Che griff diese Position Mariáteguis nach dem Sieg der Revolution in Kuba auf. 1963 stellte er in seiner Schrift »Die marxistisch-leninistische Partei« fest, dass der Aufbau des Sozialismus mit einer Partei der Bourgeoisie nicht einmal begonnen werden könne. Eine solche Gruppierung könne nur in der Phase des Kampfes um die nationale Befreiung »unter bestimmten Bedingungen und bis zu einem gewissen Grad« den revolutionären Kampf führen, doch schon im nächsten Augenblick werde sie sich in eine reaktionäre Kraft verwandeln. In Lateinamerika sei aber bereits diese zeitweilig progressive Rolle der Bourgeoisie praktisch unmöglich: »Vor die Wahl gestellt zwischen Volk und Imperialismus, wählen die schwachen nationalen Bourgeoisien den Imperialismus und verraten endgültig ihr Land.« Dadurch werde »in diesem Teil der Welt« die Möglichkeit eines friedlichen Übergangs zum Sozialismus »fast vollkommen unmöglich«.

Hinwendung zum Marxismus

Che kannte die Schriften Mariáteguis, sie standen schon in seinem Elternhaus. In jungen Jahren, als er sehr oft wegen seiner Asthmaerkrankung ans Bett gefesselt war, las er alles, was ihm in die Finger kam. Das umfassende Wissen des jungen Ernesto spiegelt sich in dem »Philosophischen Wörterbuch« wider, das er im Alter von 17 Jahren zu verfassen begann. In insgesamt sechs Schulschreibblöcken – von denen fünf mit zusammen 1.256 Seiten erhalten geblieben sind, die heute im Centro de Estudios Che Guevara in Havanna aufbewahrt werden – notierte er sich über Jahre hinweg Stichworte, ihm wichtig erscheinende Aussagen und biographische Daten über die von ihm gelesenen Autoren. Die Hefte begleiteten ihn sogar auf seiner dritten großen Reise, die ihn ab Juli 1953 über Bolivien und Guatemala nach Mexiko führte. Während seines Aufenthalts in Mexiko 1954 bis 1956 machte er sich daran, eine Zusammenfassung der sechs vorherigen Bände in einem siebten anzufertigen.

Aus den Aufzeichnungen lässt sich die allmähliche Hinwendung Guevaras zum Marxismus ablesen, wie etwa die kubanische Sozialwissenschaftlerin Marta Pérez-Rolo 2001 in einem Vortrag in Washington herausarbeitete. Obwohl Ernesto zunächst ideologisch nicht festgelegt war, ergriff der junge Mann schon früh Partei für die Sowjetunion, die nicht nur Kommunisten zu diesem Zeitpunkt – unter der Führung der Roten Armee war in Europa gerade der Faschismus zerschlagen worden – als echte Alternative zum gescheiterten System des Kapitalismus galt.

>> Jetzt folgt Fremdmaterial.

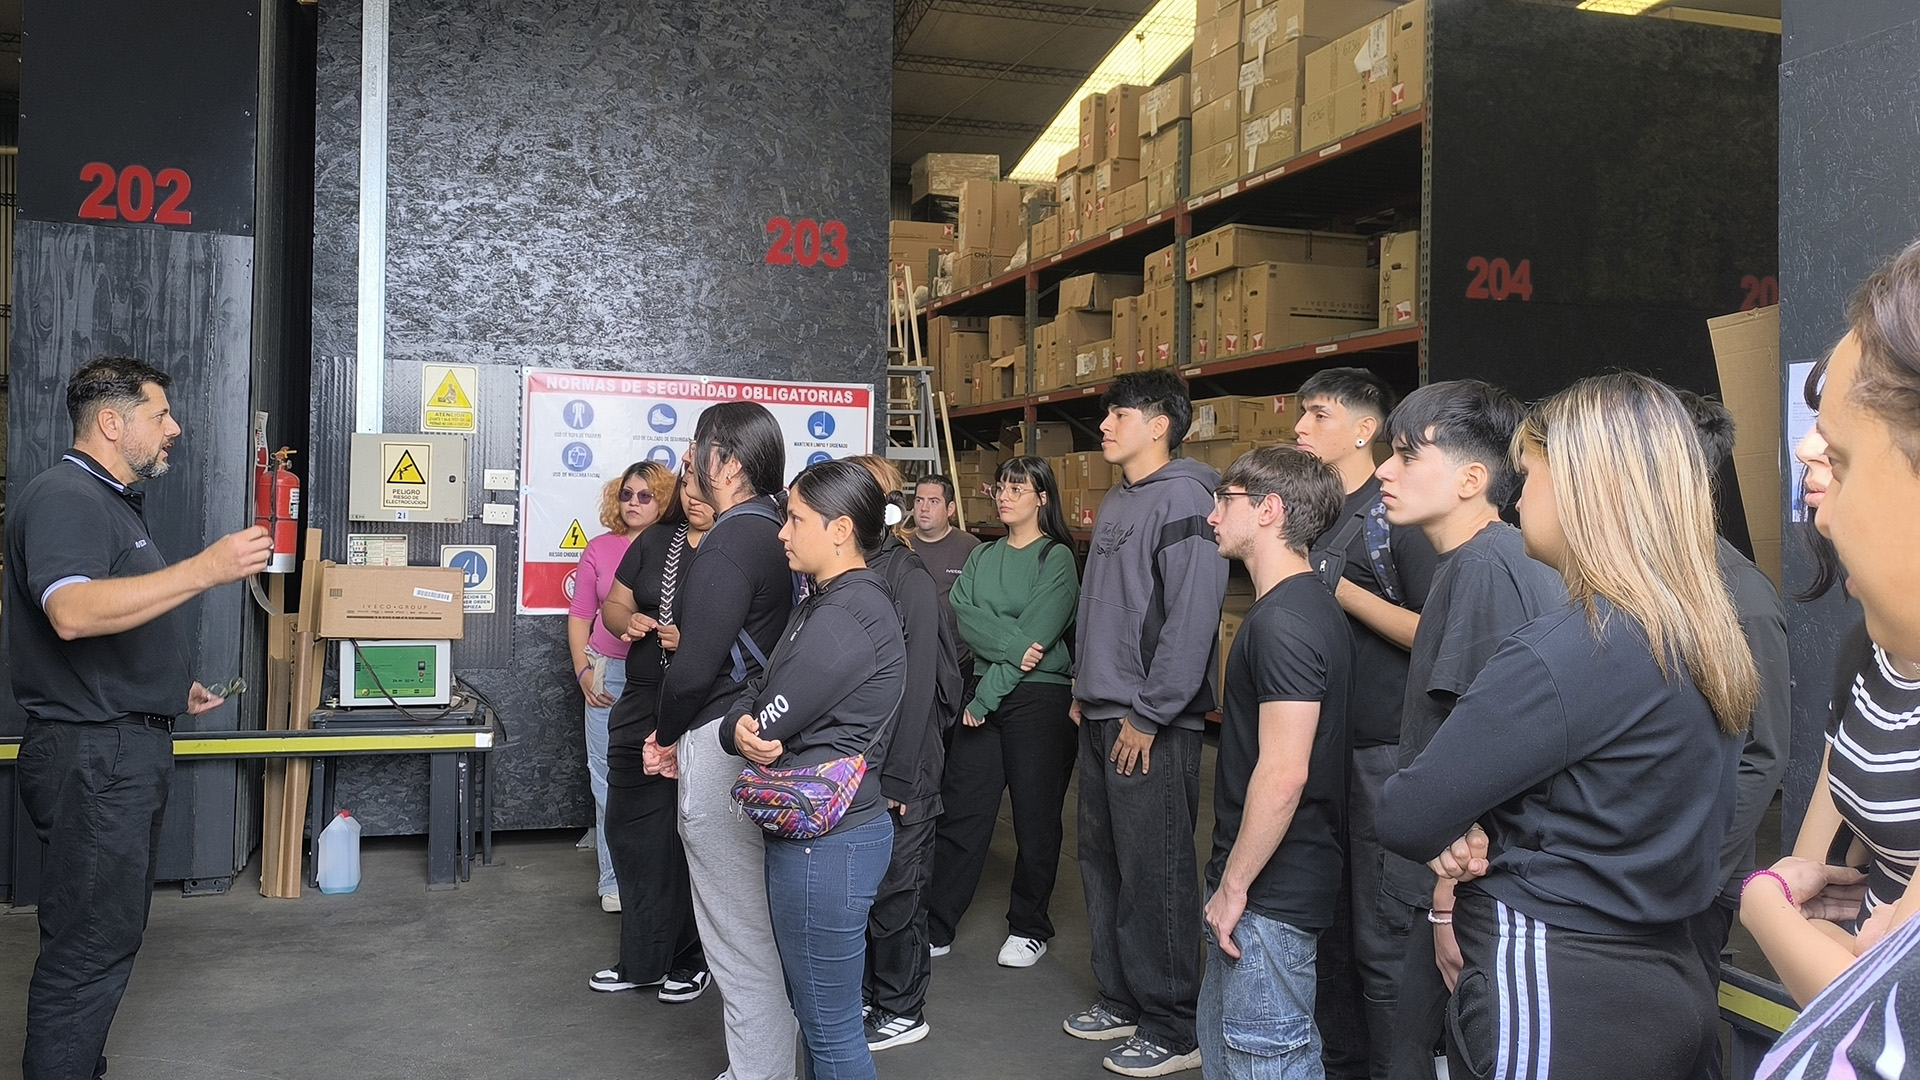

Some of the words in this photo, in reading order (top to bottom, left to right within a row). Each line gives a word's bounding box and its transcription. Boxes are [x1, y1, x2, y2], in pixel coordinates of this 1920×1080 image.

Damals entstand wohl auch die Hochachtung, die der spätere Che Zeit seines Lebens Stalin entgegenbrachte. Es ist oft versucht worden, seine Position als jugendliche Provokation seiner kleinbürgerlichen Verwandten zu relativieren. An dieser These mag im Fall des vielzitierten Briefs etwas dran gewesen sein, den er am 10. Dezember 1953, wenige Monate nach dem Tod Stalins, aus Costa Rica an seine Tante Beatriz Guevara Lynch schrieb. Nachdem er dort die Gelegenheit gehabt habe, die Ländereien der United Fruit Company zu sehen und sich von der brutalen Ausbeutung durch den Konzern zu überzeugen, habe er »vor einem Bild des alten und betrauerten Genossen Stalin geschworen, nicht zu ruhen, bis ich die Vernichtung dieser kapitalistischen Kraken erlebt habe«.

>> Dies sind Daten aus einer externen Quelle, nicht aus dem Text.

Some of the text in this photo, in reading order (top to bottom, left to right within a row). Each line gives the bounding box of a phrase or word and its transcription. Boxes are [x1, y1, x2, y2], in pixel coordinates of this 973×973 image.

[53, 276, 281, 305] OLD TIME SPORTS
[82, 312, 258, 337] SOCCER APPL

Der positive Bezug auf Stalin findet sich bei Che Guevara aber auch noch nach dem Sieg der Revolution in Kuba, als der »Generalissimus« in der Sowjetunion schon in Ungnade gefallen war. Bei seinem ersten Besuch in Moskau 1960 sorgte Che für Unmut bei seinen Gastgebern, als er darauf bestand, einen Kranz an Stalins Grab an der Kremlmauer niederzulegen. Noch 1965 bemängelte er in seinen erst 2006 veröffentlichten »Kritischen Anmerkungen zur Politischen Ökonomie« zwar einen »unerbittlichen Dogmatismus« unter Stalin, doch dieser erschien ihm offenkundig reizvoller als der »inkonsistente Pragmatismus«, der darauf folgte. Er sei schließlich »durch Väterchen Stalin« zum Kommunismus gekommen.

Wendepunkt Guatemala

Letzteres dürfte nur bedingt richtig sein. Eher waren es seine ausgedehnten Reisen durch den Kontinent, die dem jungen Ernesto Guevara die Augen für die sozialen Realitäten und öffneten und die Verbindung zwischen dem angelesenen Wissen und seinem Gerechtigkeitssinn herstellten. In seinen Tagebucheinträgen zeigt sich immer wieder, wie Ernesto die Kluft realisiert, die zwischen seinen bisherigen Lebenserfahrungen und der Realität vieler seiner Landsleute bestand. In einer Ansprache vor Medizinerkollegen sagte er in Kuba: »Ich träumte davon, ein berühmter Forscher zu werden; unermüdlich zu arbeiten, um etwas zu erreichen, das man der Menschheit zur Verfügung stellen könnte, aber zu dieser Zeit ging es um einen persönlichen Triumph.« Dann jedoch sei er auf seinen Reisen »in engen Kontakt mit dem Elend, mit dem Hunger, den Krankheiten« gekommen. Die Vorstellung, ein berühmter Wissenschaftler zu werden, sei hinter das Ziel zurückgetreten, diesen Menschen zu helfen.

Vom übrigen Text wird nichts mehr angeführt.